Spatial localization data
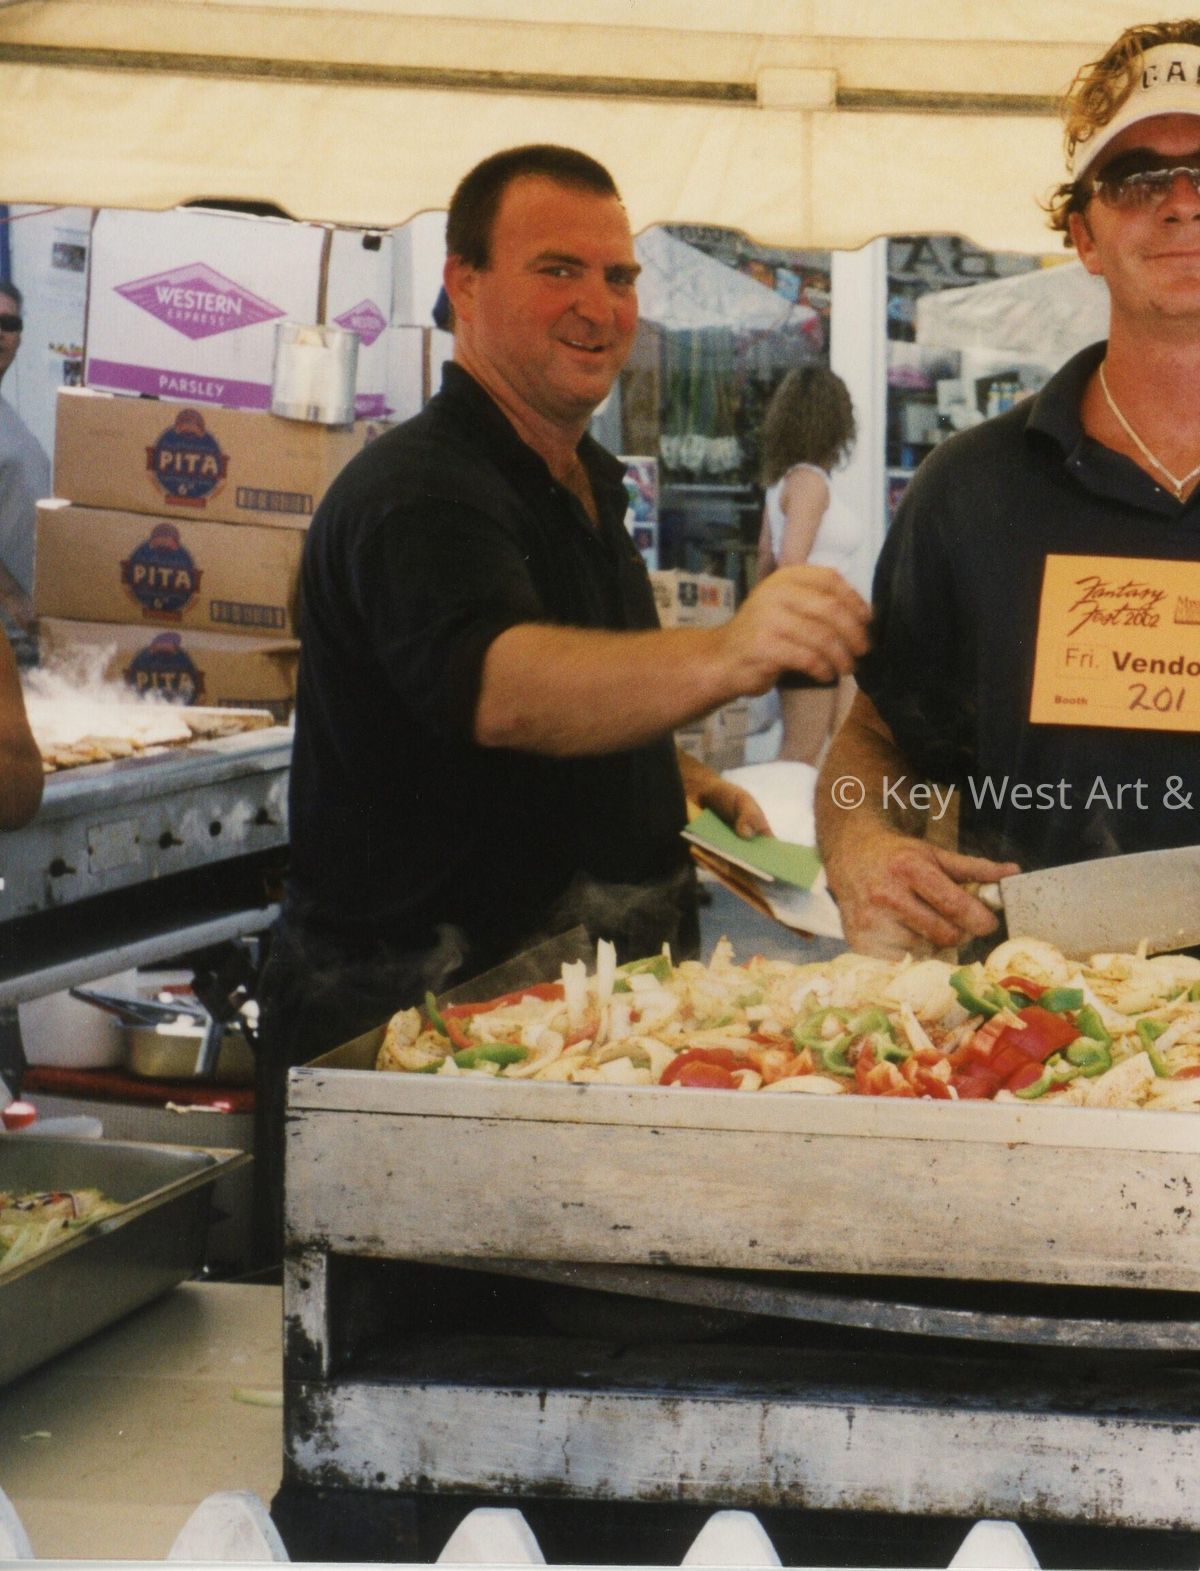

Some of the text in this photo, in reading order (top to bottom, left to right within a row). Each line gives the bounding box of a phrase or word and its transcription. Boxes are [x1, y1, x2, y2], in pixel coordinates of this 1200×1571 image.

[155, 286, 242, 315] WESTERN
[167, 308, 226, 327] EXPRESS
[158, 375, 225, 397] PARSLEY
[159, 451, 218, 475] PITA
[133, 564, 191, 589] PITA
[1068, 576, 1168, 612] Fantasy
[1066, 600, 1128, 637] Fest
[1124, 611, 1160, 628] 2002
[1065, 648, 1099, 668] Fri.
[136, 671, 194, 697] PITA
[1054, 695, 1088, 706] Booth
[1128, 683, 1186, 712] 201

# TASK TO CARRY OUT
Pictures aside, reproduce all of the data exactly.

# RESULT
Some of the text in this photo, in reading order (top to bottom, left to right within a row). Each line gives the bounding box of a phrase or word and its transcription. Boxes are [x1, y1, x2, y2], in pixel coordinates of this 1200×1571 image.

[155, 286, 242, 315] WESTERN
[167, 308, 226, 327] EXPRESS
[158, 375, 225, 397] PARSLEY
[159, 451, 218, 475] PITA
[133, 564, 191, 589] PITA
[1068, 576, 1168, 612] Fantasy
[1066, 600, 1128, 637] Fest
[1124, 611, 1160, 628] 2002
[1065, 648, 1099, 668] Fri.
[136, 671, 194, 697] PITA
[1054, 695, 1088, 706] Booth
[1128, 683, 1186, 712] 201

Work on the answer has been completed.